Stanley Fischer, the IMF’s deputy director, this week suggested that Thailand is behaving foolishly by refusing to seek an IMF emergency loan, which would come with politically distasteful conditions. “It seems to be hard for them to make very tough decisions,” Fischer said, speaking much more bluntly and openly than is customary at the fund, where officials have traditionally veiled their words in anonymity and vague phrasing.
The directness of Fischer’s remarks reflects the concern that has mounted at the IMF and the United States treasury over the past two weeks, as Thailand’s troubles have sent financial tremors throughout Southeast Asia, Latin America and Eastern Europe. The IMF has primary responsibility for containing such crises, and the Clinton administration has been consulting closely with the fund because of fears that the turmoil could engender an economic slowdown in regions of the world that have become major markets for US exports.
Indonesia’s currency, the rupiah, became the latest victim of frenzied speculative selling this week, dropping as much as 7% against the US dollar. The Philippine peso, Malaysian ringgit and Brazilian stock market have also fallen sharply since the Thai baht was devalued on July 2 following an attack by speculators.
Fischer stressed his belief that the current situation in Asia is unlikely to become nearly as serious as the Mexican peso crisis of 1994-95, which also sparked selling in other emerging markets and plunged Mexico into a deep recession.
Although Thailand, like pre-crisis Mexico, has been running sizeable trade deficits and has become dependent on short-term money flowing in from abroad, most of Thailand’s foreign debt is owed to private lenders by Thai companies, whereas in Mexico, most of the foreign debt was owed by the government, Fischer pointed out.
Moreover, Fischer said, another “very critical difference is that Mexico’s growth rate, despite very impressive reforms, never got up to anything like that which we’ve seen in the Asian countries”. Even during Mexico’s heyday of the early 1990s, growth barely reached 4% annually, roughly half the rate that the Southeast Asian countries have attained in recent years.

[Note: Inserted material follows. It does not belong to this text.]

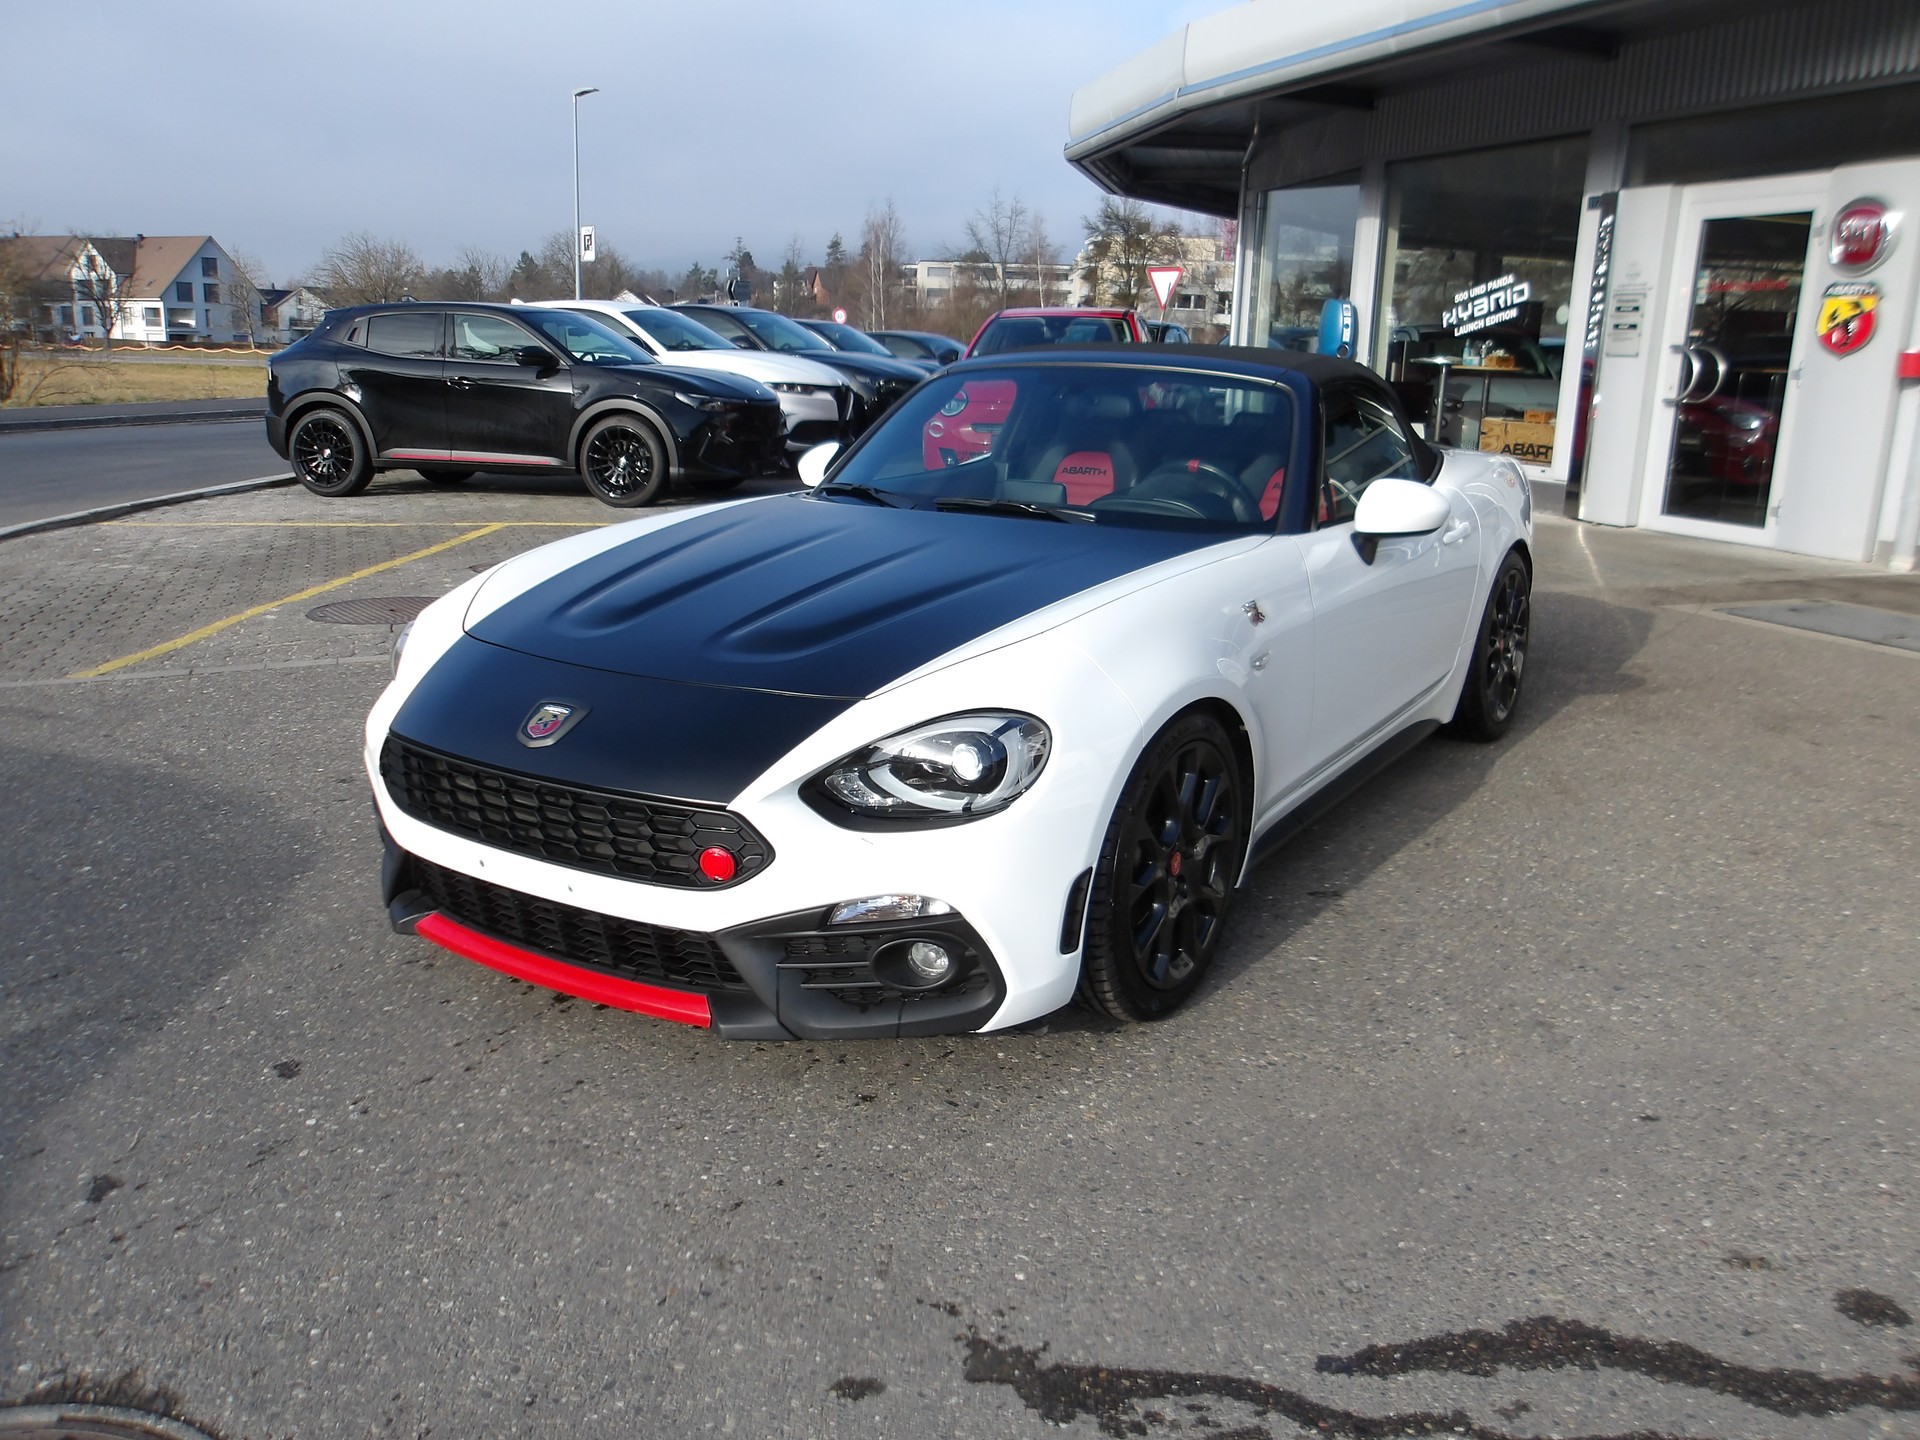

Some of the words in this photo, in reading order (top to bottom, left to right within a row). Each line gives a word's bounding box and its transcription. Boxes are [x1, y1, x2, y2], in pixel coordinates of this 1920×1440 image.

“If you’re growing at 8%, and you have to cut back a couple of percent a year, you’re not going to create the social problems of the sort you have had in Mexico,” Fischer said.
Yet at the same time, Fischer acknowledged the probability that Thailand’s once-booming economy could face a painful adjustment.

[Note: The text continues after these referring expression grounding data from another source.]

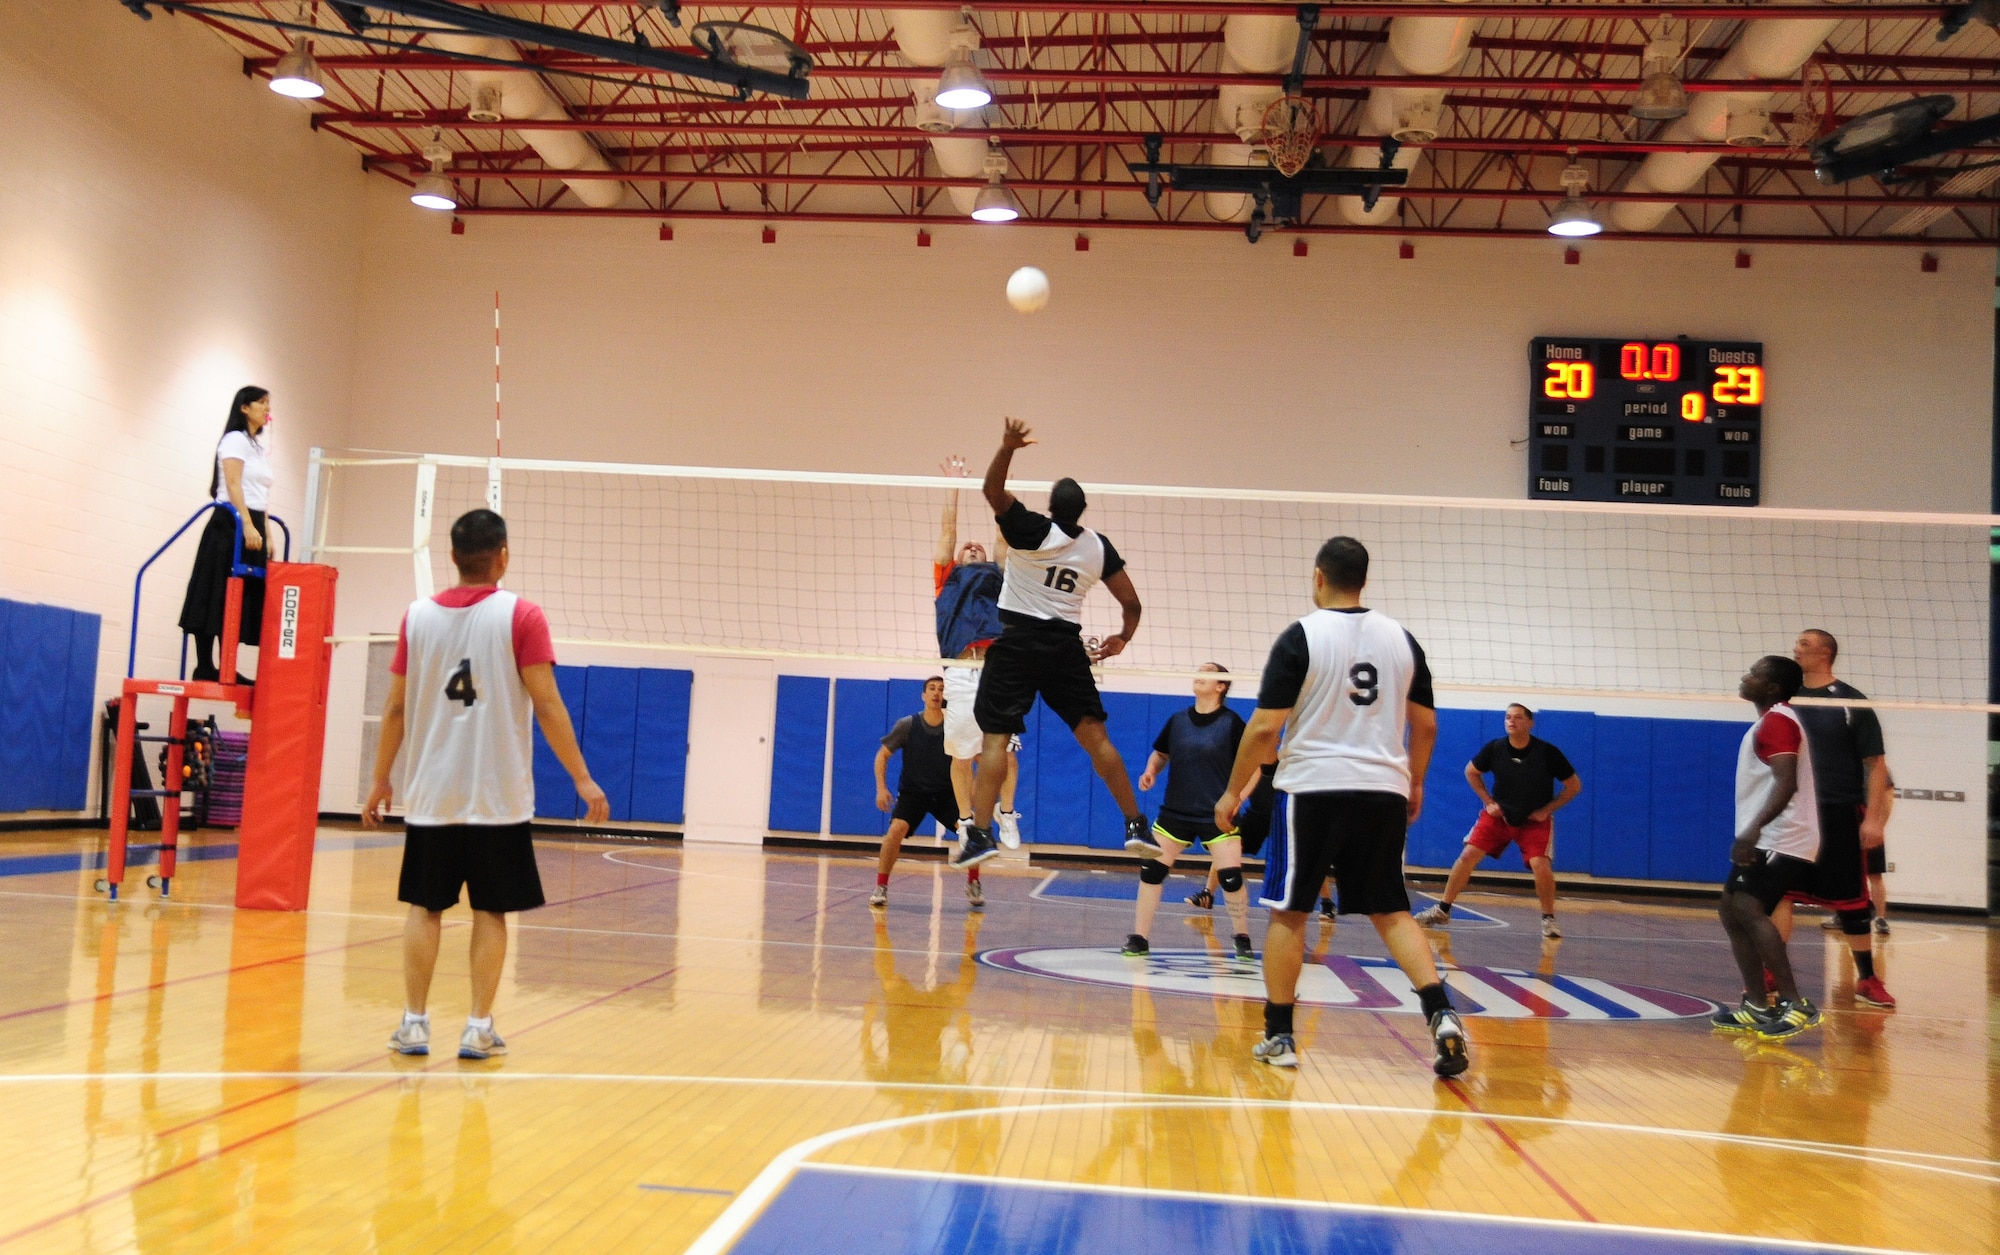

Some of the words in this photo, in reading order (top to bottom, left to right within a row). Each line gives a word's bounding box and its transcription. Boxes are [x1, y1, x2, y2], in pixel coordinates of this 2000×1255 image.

[1546, 344, 1582, 360] Home
[1709, 348, 1755, 364] Guests
[1545, 362, 1594, 399] 20
[1713, 367, 1764, 405] 23
[1624, 403, 1667, 416] period
[1544, 425, 1568, 435] won
[1629, 428, 1662, 440] game
[1724, 431, 1749, 441] won
[1539, 478, 1569, 491] fouls
[1622, 480, 1665, 495] player
[1720, 485, 1751, 498] fouls
[1044, 566, 1079, 593] 16
[445, 659, 477, 707] 4
[1349, 662, 1377, 705] 9

Asked about a forecast that Thai growth might be zero this year, he said: “We don’t see it going to zero. We think that with decisive action soon, they could still grow this year.” In the absence of decisive action, he added, “growth will be lower, and there will be a prolonged period of slower growth”.
Fischer praised the Philippine authorities, who received a $1-billion loan from the IMF a week ago, for the way they had handled the attack on the peso. As for Indonesia, despite the fall in the rupiah, “we’re quite confident that they know what they’re doing”, he said.

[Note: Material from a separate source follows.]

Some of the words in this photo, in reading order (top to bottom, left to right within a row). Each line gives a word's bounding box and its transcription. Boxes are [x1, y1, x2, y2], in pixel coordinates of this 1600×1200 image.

But asked about Thailand, whose finance minister last week dismissed widespread calls among financial analysts for an IMF- backed bailout, Fischer said: “They haven’t decided to come to us … whatever they may do, whether it is with an IMF programme or without an IMF programme, it is critical that they put together a clear, complete package of measures” to ease the crisis.
Countries that borrow from the IMF must abide by the fund’s conditions, which usually involve painful steps such as cutting government spending and clamping down on easy credit. Agreeing to such conditions would be a bitter pill for Thailand, which prides itself on having never been conquered by a foreign power, and which last stopped subjecting itself to IMF supervision more than a decade ago.
Bangkok has already taken some important steps, Fischer said, including letting the baht float against other currencies. But the Thais are only about “halfway” done cobbling together a package to shore up the shaky banking system, and once that is prepared, the additional government spending will require offsetting savings, Fischer said.
“One of the problems with these financial crises,” he said, “is that the longer it goes on, the more difficult it becomes to deal with these problems.”